On her birthday I brought her flowers. ‘Happy birthday,’ I said. There were other flowers and presents beside the bed. ‘In this country, every birthday you celebrate is an achievement,’ I said. ‘And a marriage? Something to be proud of even if it didn’t last. And a kid–you’ve really got it made. You’ve created a dynasty. I read in the paper that we’re making a lot of babies here. You know, relatively.’ She didn’t blink. I would describe the view to her, the best view in the hospital, looking down over wooded hills and valleys, and when I was there on my own, I would raise the bottom of the sheet and touch the crocodile on her ankle. It was my secret sign to her–our sign. One warmer evening I arrived to find the windows open and a battered-looking pigeon fluttering around the room, like a synapse firing in a brain. It saw me and took off. Maybe that’s a sign, I thought. Or maybe it’s just a pigeon.

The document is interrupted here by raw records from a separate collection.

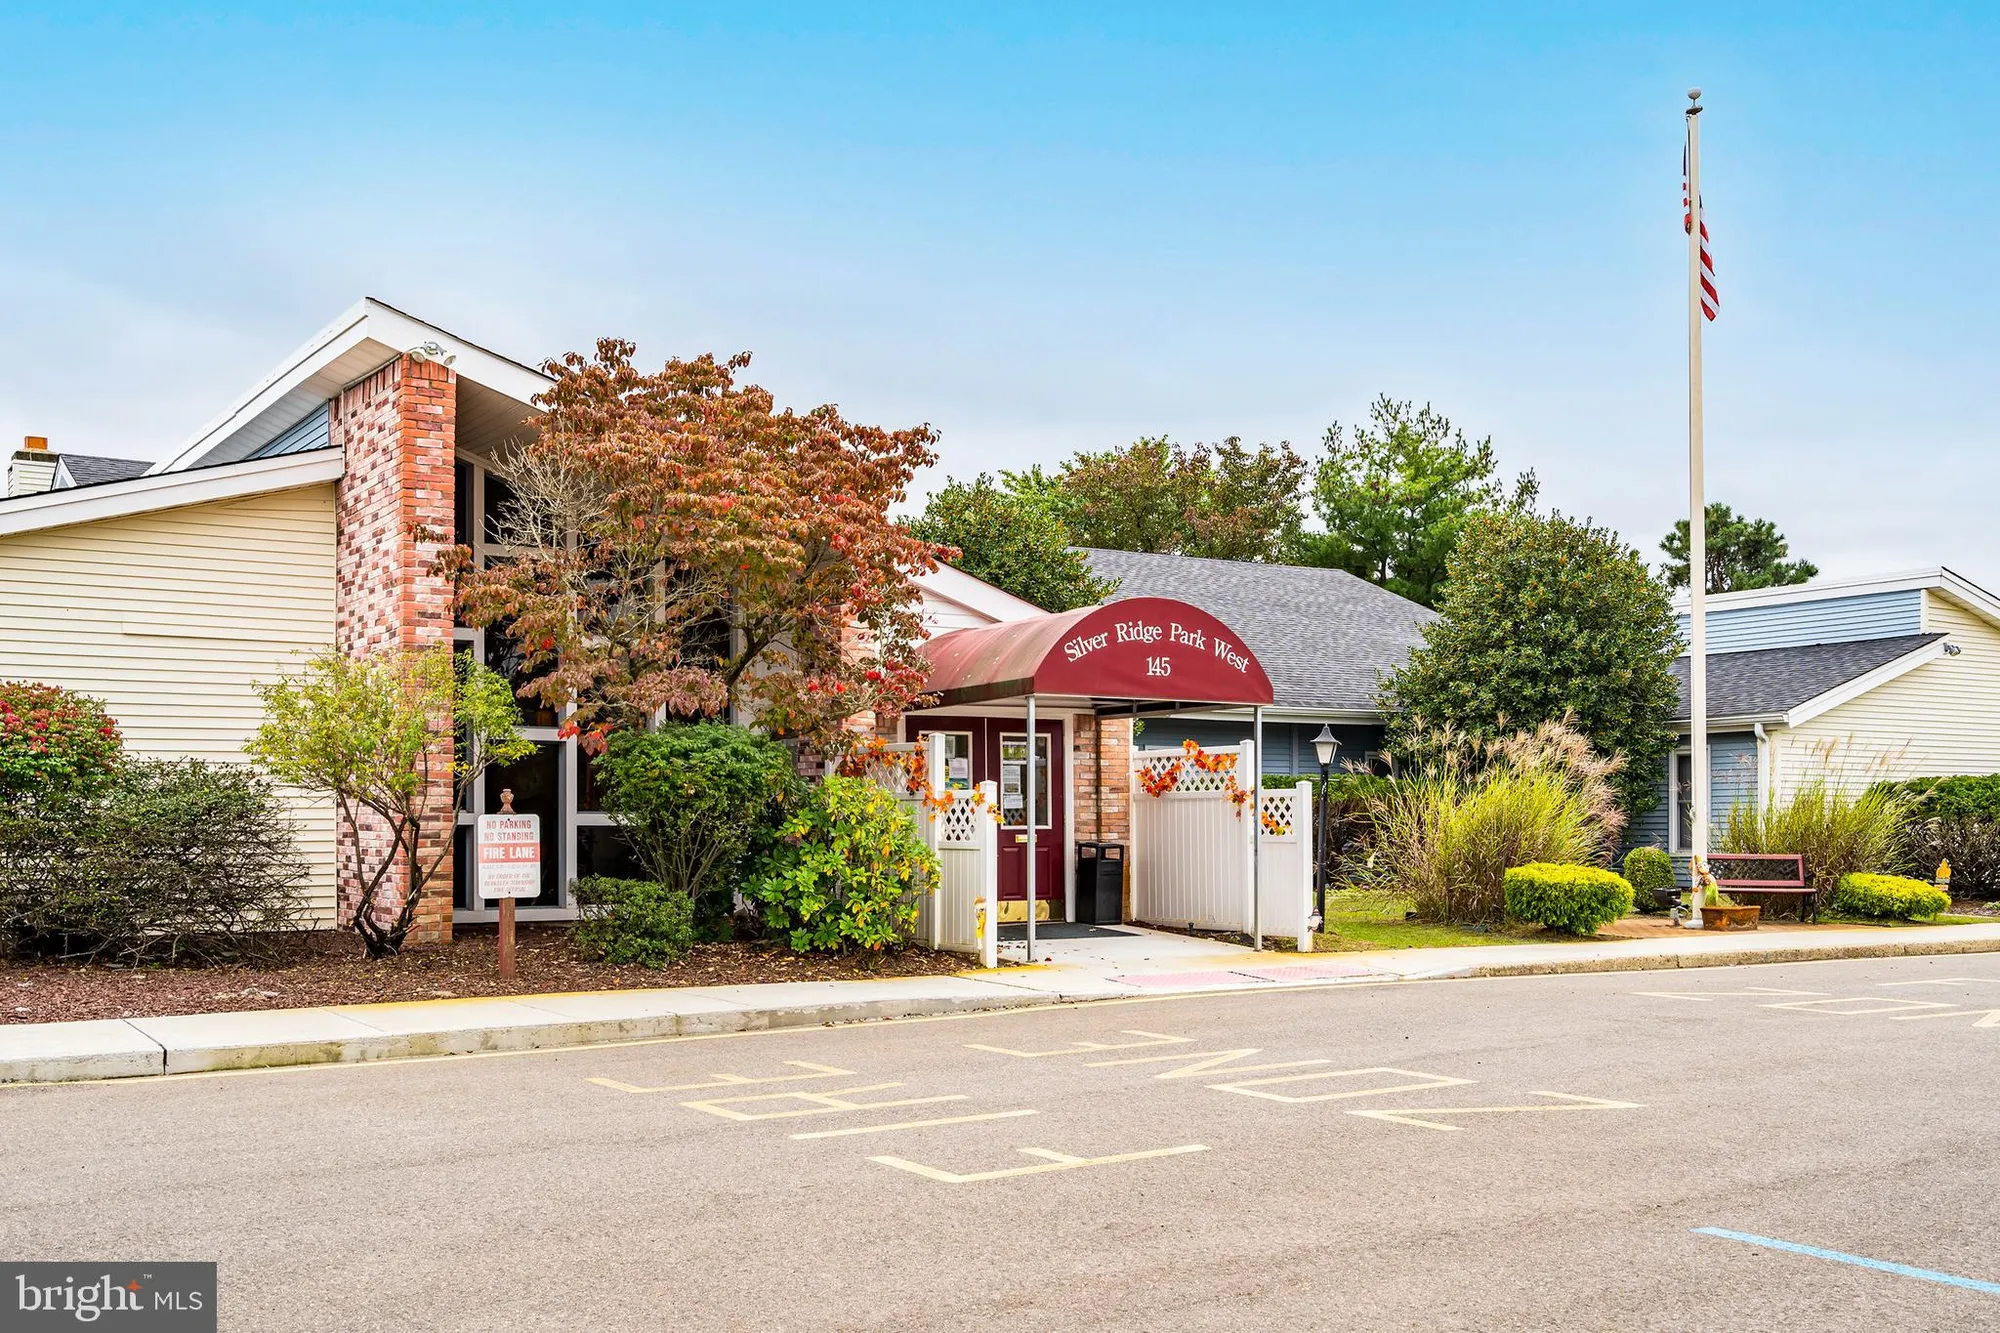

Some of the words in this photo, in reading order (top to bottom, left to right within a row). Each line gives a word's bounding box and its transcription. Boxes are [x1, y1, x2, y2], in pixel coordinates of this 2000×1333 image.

[1064, 632, 1109, 663] Silver
[1114, 620, 1163, 644] Ridge
[1169, 622, 1206, 651] Park
[1213, 637, 1250, 673] West
[1146, 656, 1171, 677] 145
[486, 820, 496, 829] NO
[500, 820, 532, 829] PARKING
[484, 832, 495, 841] NO
[497, 832, 534, 841] STANDING
[483, 847, 505, 860] FIRE
[509, 846, 535, 859] LANE

Her boss came often–Alon, the chef from the King David, sometimes accompanied by other chefs from the hotel. He told me she had talent. He’d known Guetta too: ‘a lovely guy’. Shuli’s father and sister came every day, always depressed, crying, and praying for a miracle. I heard Shuli’s father tell Alon that it was insensitive to bring Arabs along, and rather than reply Alon and Osama left the room. ‘I should have said something. I got plenty of things I could’ve said,’ he told me in the corridor. ‘I’m not a f*cking lefty but come on. A little respect for human beings.’ Shuli’s bed became a meeting point. I followed the soap opera of her aunt’s health, advised the aunt’s partner on the telecoms market and recommended a travel agent to him, and, in return, was recommended an accountant. Guetta’s father always asked me about what Giora had been up to in Tel Aviv on the morning of his death, and I always replied that I was sorry but I didn’t know. He asked me to write something for a commemorative booklet and I promised to think about it. I even brought Duchi once, after our ‘Who the hell is this Shuli?’ argument.

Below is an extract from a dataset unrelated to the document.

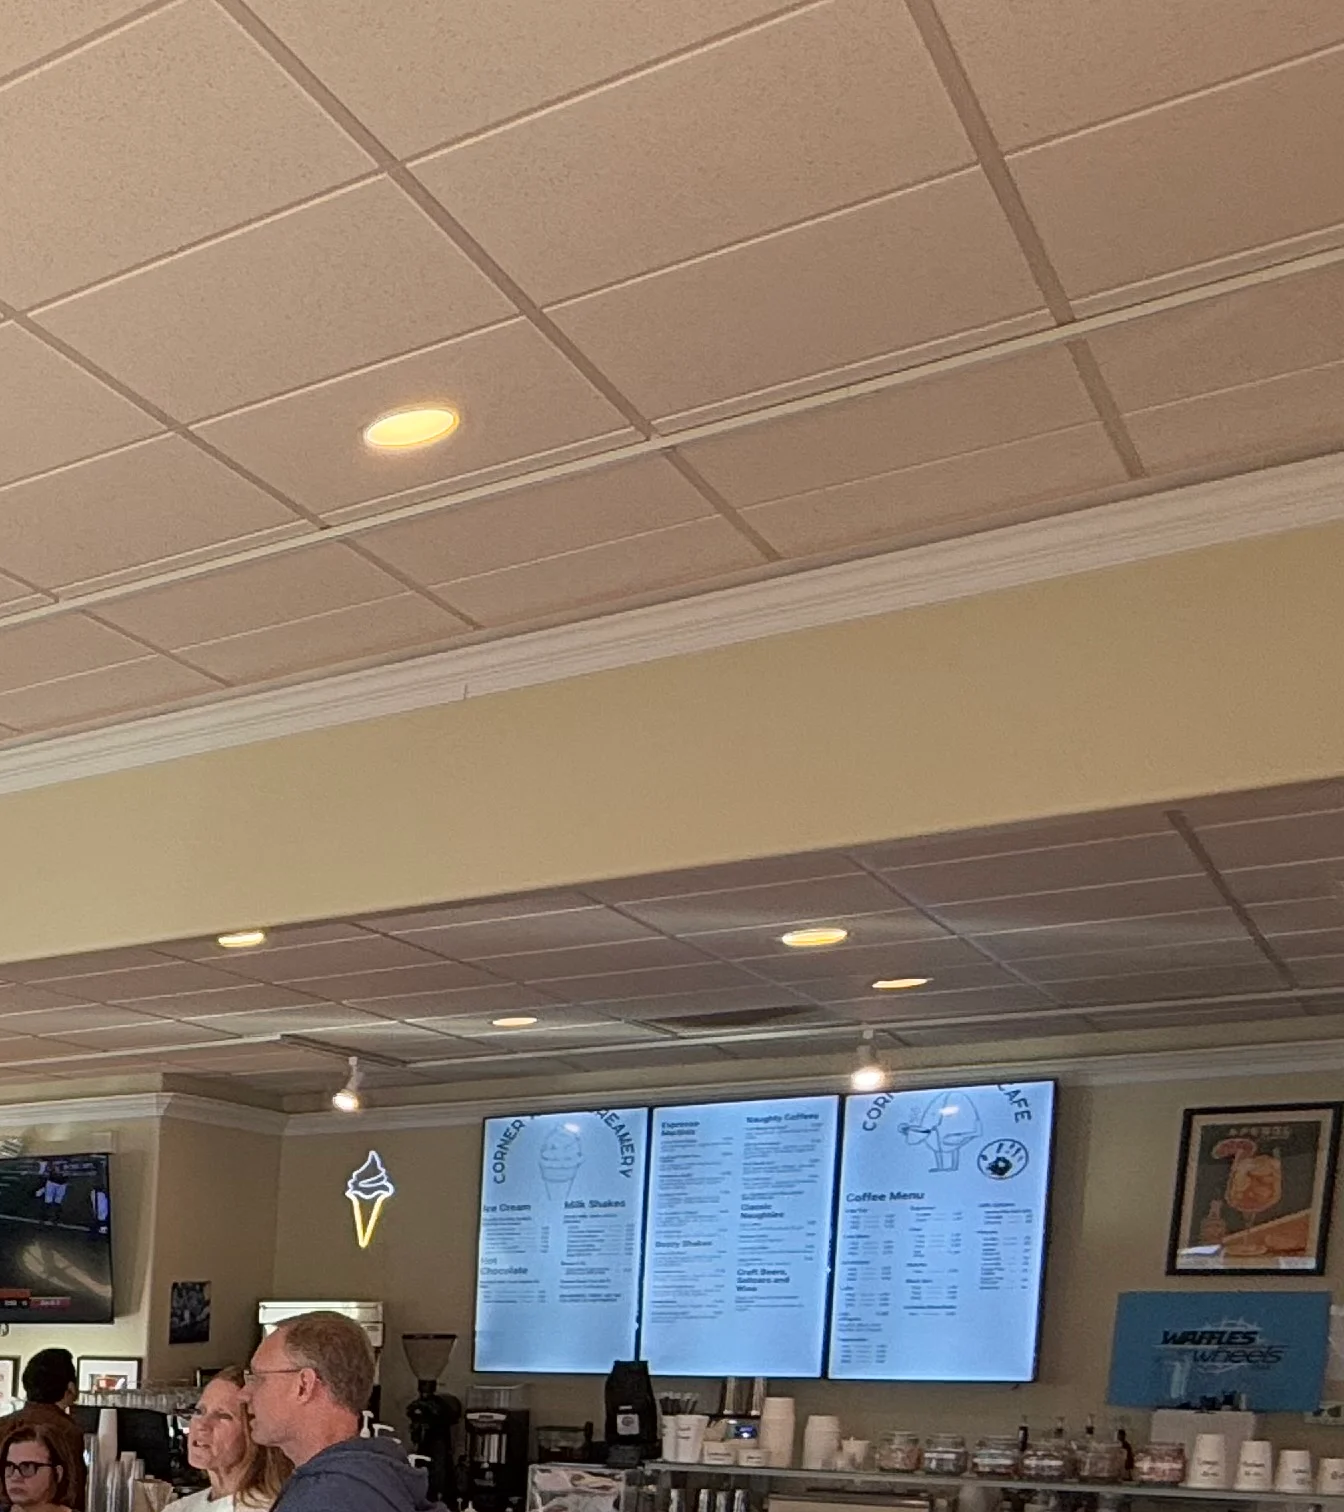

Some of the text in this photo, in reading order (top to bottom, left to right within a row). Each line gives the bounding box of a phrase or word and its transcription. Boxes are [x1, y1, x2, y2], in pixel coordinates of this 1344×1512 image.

And all the time the thing that connected us lay there above us all, silent, lonely, machine-bound, lifeless yet alive, waiting for something to change. And then something did change.
The thing I enjoyed most about those Wednesdays was the journey home. An intercity bus ride at night has a charm of its own. It’s uninterrupted thinking time. The whole day seems to sink through you and dissolve in the blood. People talk, but not so much and not so loudly–out of deference to the darkness, perhaps; the steady hum of the engine and the rhythm of the passing lights, the lights of the villages off in the night, the bluish light of the bus’s interior. On my night rides I laid my forehead against the window and let myself breathe deeply and relax. It was on the bus, quietly, that I really examined myself. That was where the memories returned. It was on the night buses that carried me back from Jerusalem to Tel Aviv that I began to accept myself as I was, and began to think about who I was going to be.